Breitweiser: I've really been fascinated with generational and sociological studies lately, and this book gave me a chance to delve deeper into the American psych of the post-war period. Mark Twain said that "History doesn't repeat itself. It rhymes."
So, I look to this era not only with an eye to the past, but as a place our society is going once our current crisis are over....just hopefully without the McCarthyism and strained race relations.
Nrama: Karl, you're making your mark on Captain America with this and the comic strip storyline. What's led to all this Cap-action?
Kesel: Happy accident! I also wrote this year’s Amazing Spider-Man Annual which shows Spidey’s very first meeting with Cap— so it’s sort of All-Cap All The Time with me right now!The interesting thing is each project is so different— the on-line Captain America Comic Strip is just flat-out fun with Nazis and robots and a secret city (and if you haven’t checked it out, you really should!) while the Spidey Annual is a solid comic in the Mighty Marvel Manner— but I must say that Captain America: Patriot is probably the most emotionally resonant— and a huge part of that is Mitch’s amazing art, which really kicked the entire project up about ten notches.
I cannot stress too much how beautiful his stuff is— each and every page was breathtakingly beautiful with crystal-clear storytelling and the sort of dynamic compositions that would make Jack Kirby proud. I’d like to think this was a good story when I wrote it— but Mitch made it a great story.
Nrama: What are your favorite Captain America runs and creators?

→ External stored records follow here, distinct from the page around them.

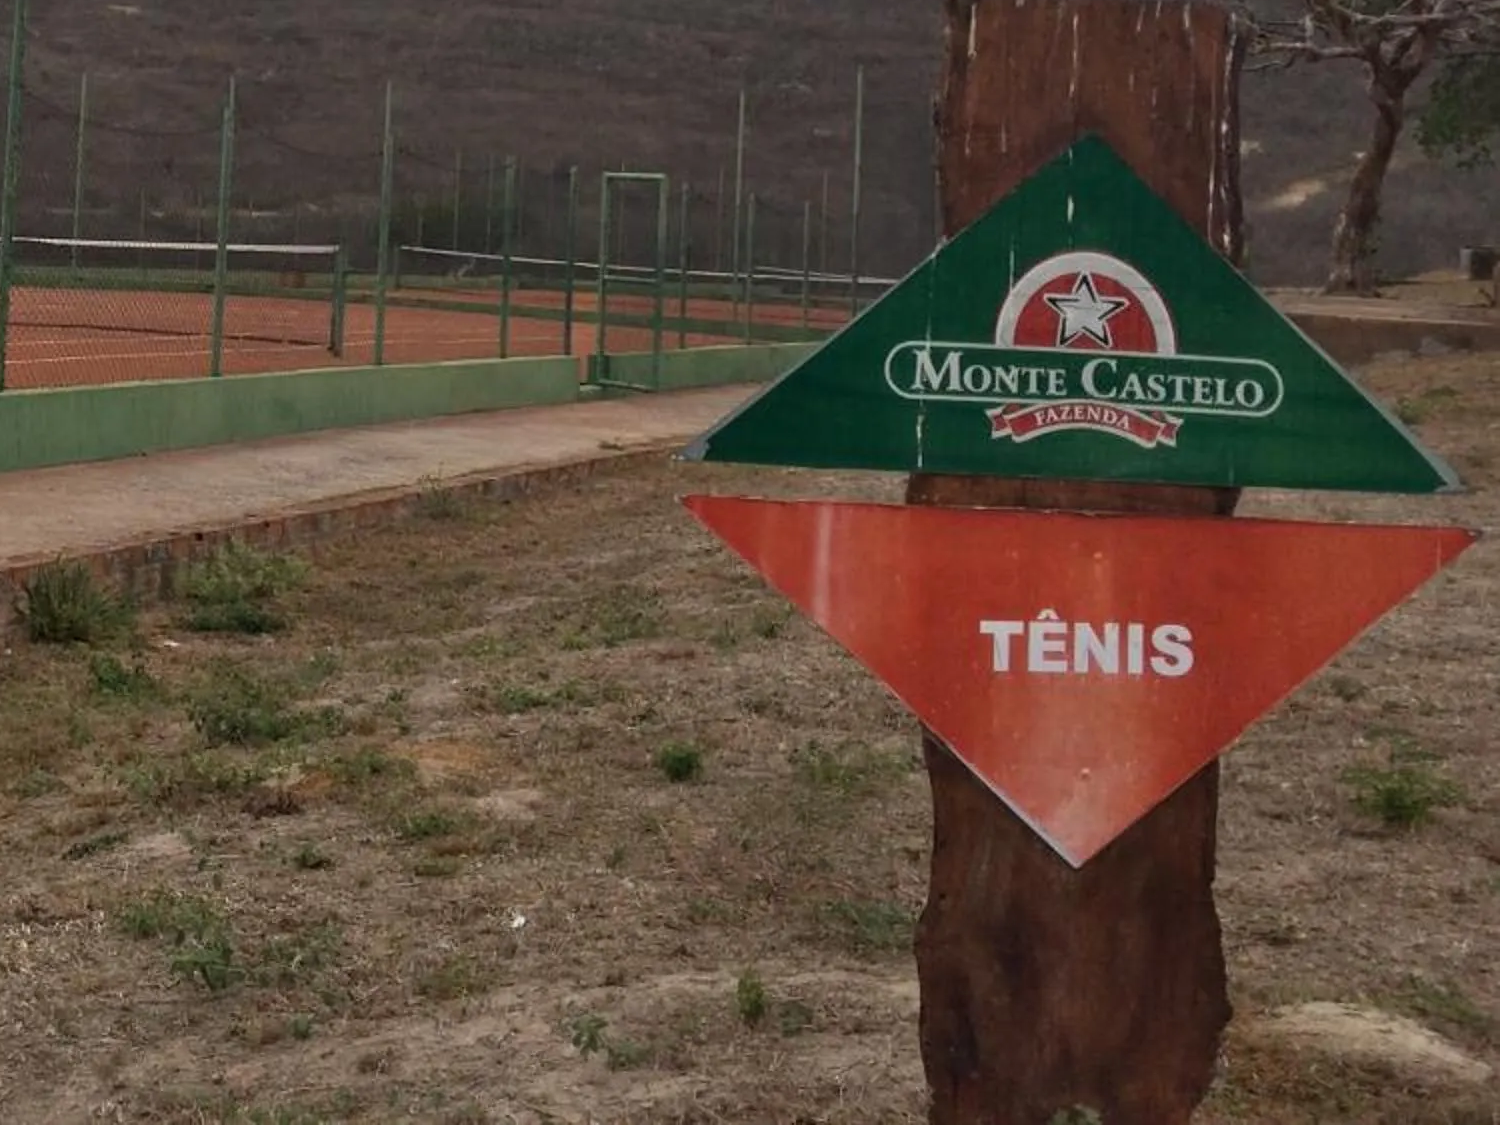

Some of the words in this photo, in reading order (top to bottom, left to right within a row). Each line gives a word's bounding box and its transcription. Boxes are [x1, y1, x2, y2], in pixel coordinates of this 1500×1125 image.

[911, 349, 1067, 395] MONTE
[1081, 358, 1266, 408] CASTELO
[1035, 405, 1131, 430] FAZENDA
[979, 608, 1195, 677] TÊNIS
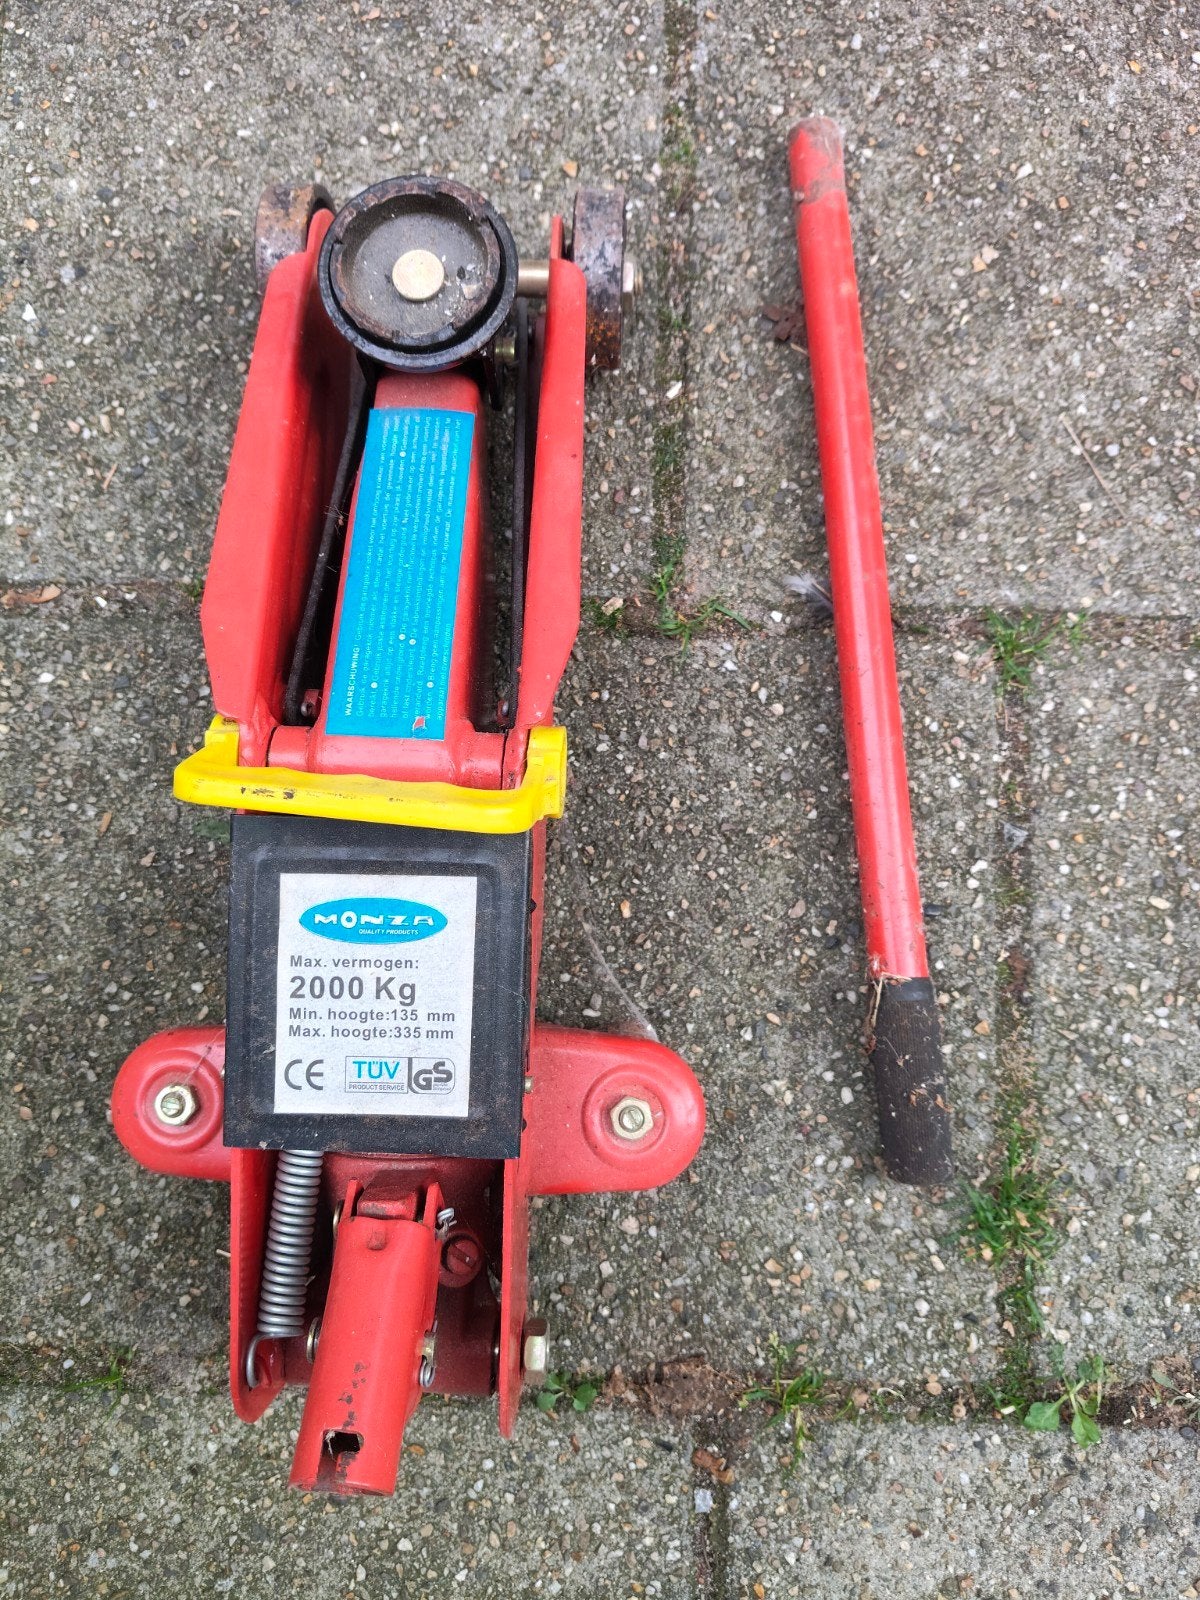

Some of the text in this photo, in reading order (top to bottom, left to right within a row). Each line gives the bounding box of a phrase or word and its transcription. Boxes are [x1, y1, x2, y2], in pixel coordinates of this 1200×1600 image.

[314, 910, 434, 928] MONZA
[290, 955, 419, 971] Max. vermogen:
[289, 975, 416, 1006] 2000 Kg
[289, 1007, 455, 1024] Min. hoogte:135 mm
[288, 1025, 454, 1041] Max. hoogte:335 mm
[352, 1060, 400, 1080] TÜV

Kesel: Kirby’s work with Joe Simon, Stan Lee or solo— each have their own appeal for different reasons. Outside of that, I really loved Steve Englehart’s run on Cap— the Nomad storyline really blew my small, young mind at the time— while the Stern/Byrne run was far, far too short, and Mark Waid and Ron Garney’s Cap was like mainlining pure adrenaline.

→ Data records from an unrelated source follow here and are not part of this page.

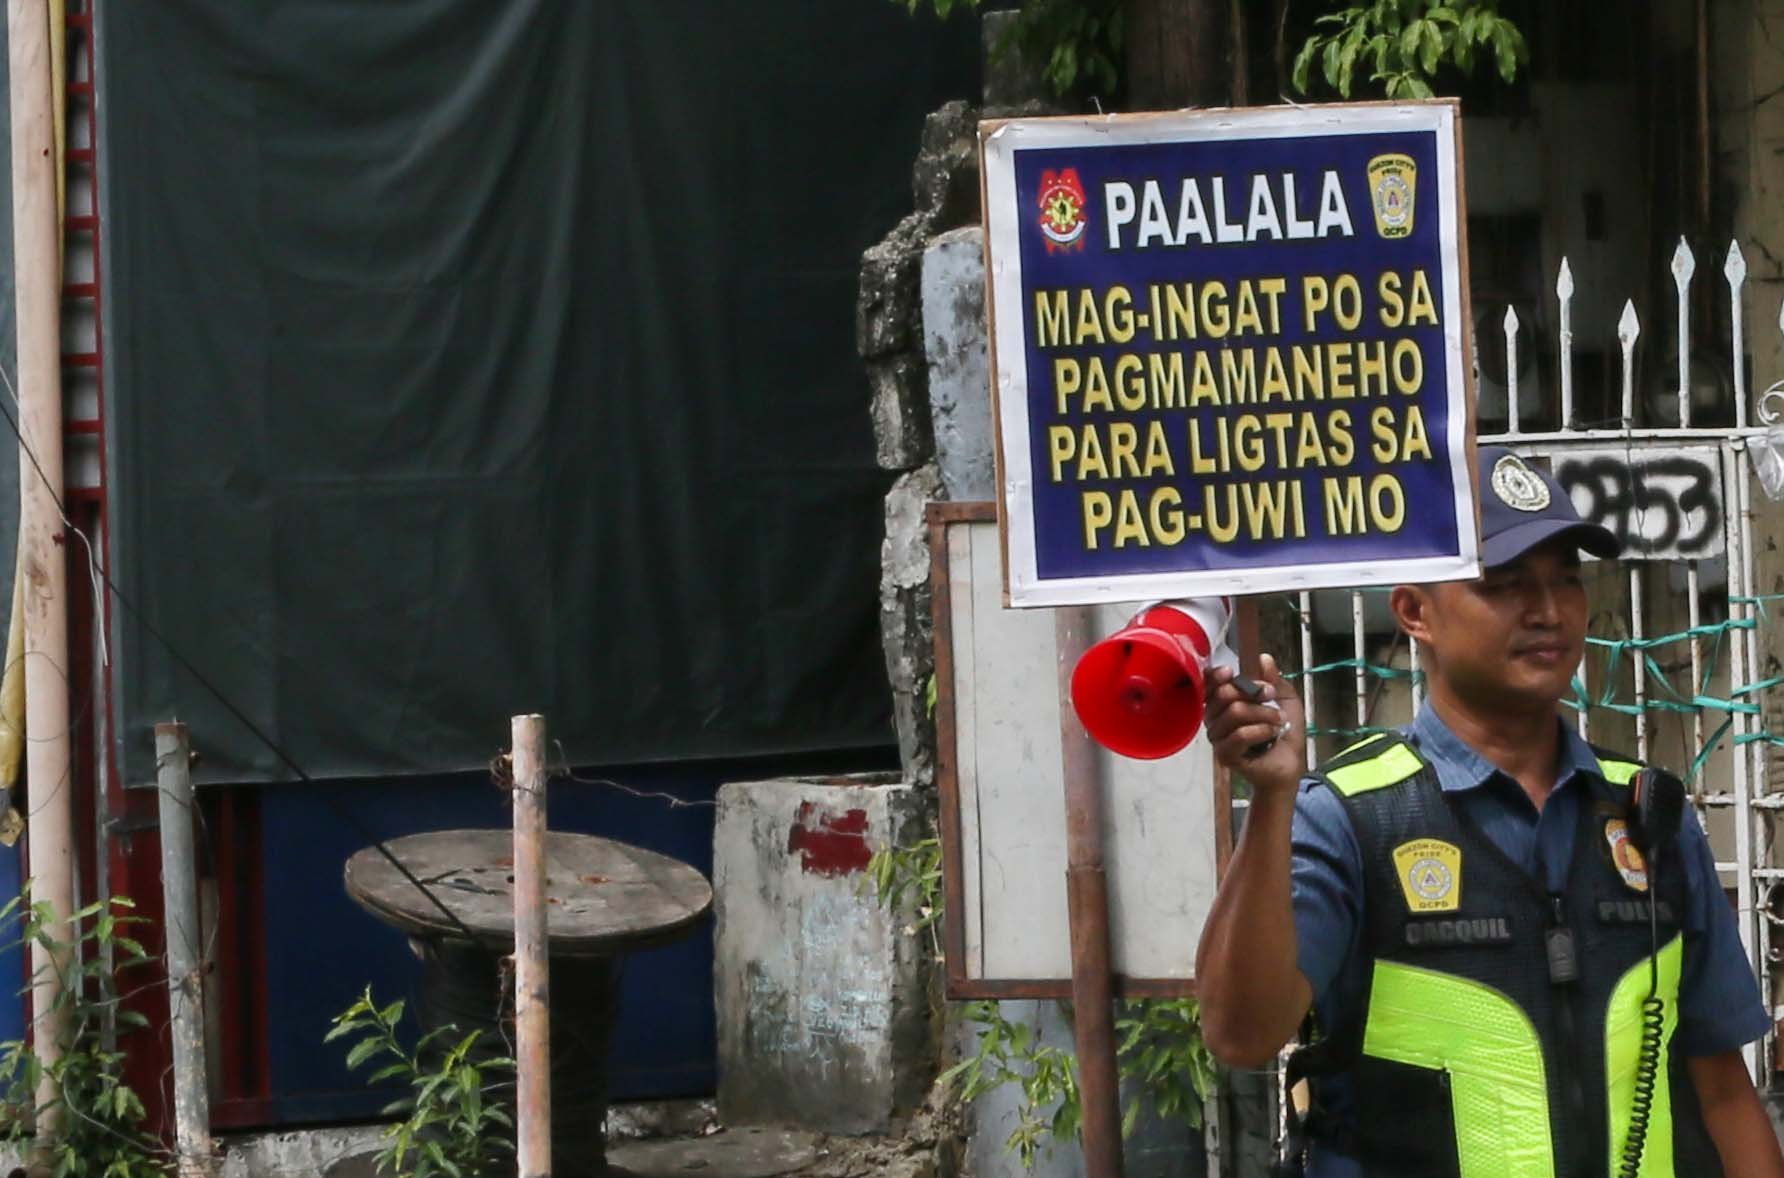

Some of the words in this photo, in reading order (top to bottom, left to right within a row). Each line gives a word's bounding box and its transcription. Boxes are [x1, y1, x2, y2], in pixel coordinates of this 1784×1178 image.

[1104, 170, 1355, 249] PAALALA
[1034, 277, 1287, 348] MAG-INGAT
[1303, 273, 1363, 332] PO
[1378, 269, 1439, 328] SA
[1054, 338, 1424, 415] PAGMAMANEHO
[1049, 417, 1175, 482] PARA
[1188, 409, 1355, 474] LIGTAS
[1371, 405, 1433, 464] SA
[1082, 479, 1306, 550] PAG-UWI
[1323, 473, 1405, 536] MO

And I’d say this Brubaker guy’s doing some pretty cool stuff, too...
Nrama: What do you feel has made Captain America such an enduring character, after all these years?
Kesel: Like any enduring character, there are a lot of facets to Cap, and different ones can be focused on at different times. Right now I think Cap’s greatest strength is that he is 100% trustworthy and reliable.

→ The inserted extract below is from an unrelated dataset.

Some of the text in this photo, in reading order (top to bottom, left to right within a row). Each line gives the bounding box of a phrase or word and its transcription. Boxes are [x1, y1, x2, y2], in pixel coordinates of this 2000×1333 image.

In today’s world, with terrorist cells and contentious politics, it’s nice to know that Cap can cut through all the crap, get to the truth of the matter, and do the right thing. We really do need him now more than ever...
Breitweiser: Karl said it perfectly. It's about trust. Even in our darker days as a culture, Cap is there like a beacon. An anchor for American values. The perennial Boy Scout that we all wish we could be, but we are all too fallible to fully realize.
Nrama: What's next for you, and is there anything else you'd like to discuss?
Kesel: Right now I’m in the middle of drawing the Captain America Comic Strip and, in all honesty, nothing would make me happier than to do more of it! It’s the most flat-out fun I’ve had in comics in a long time!So if enough people read it, and want to read more, I’d be happy to oblige!
Breitweiser: Just buy the book. Karl's script blows the dust off these old characters and reveals a level of charm and sophistication that could have easily been lost in the dustbins of a comic shop for all time.
As far what's next what's next, I have no idea. I still have a few more weeks to go to finish this project, but I'm sure Marvel will have plenty to keep me busy once I'm done.
Meet Captain America: Patriot this July.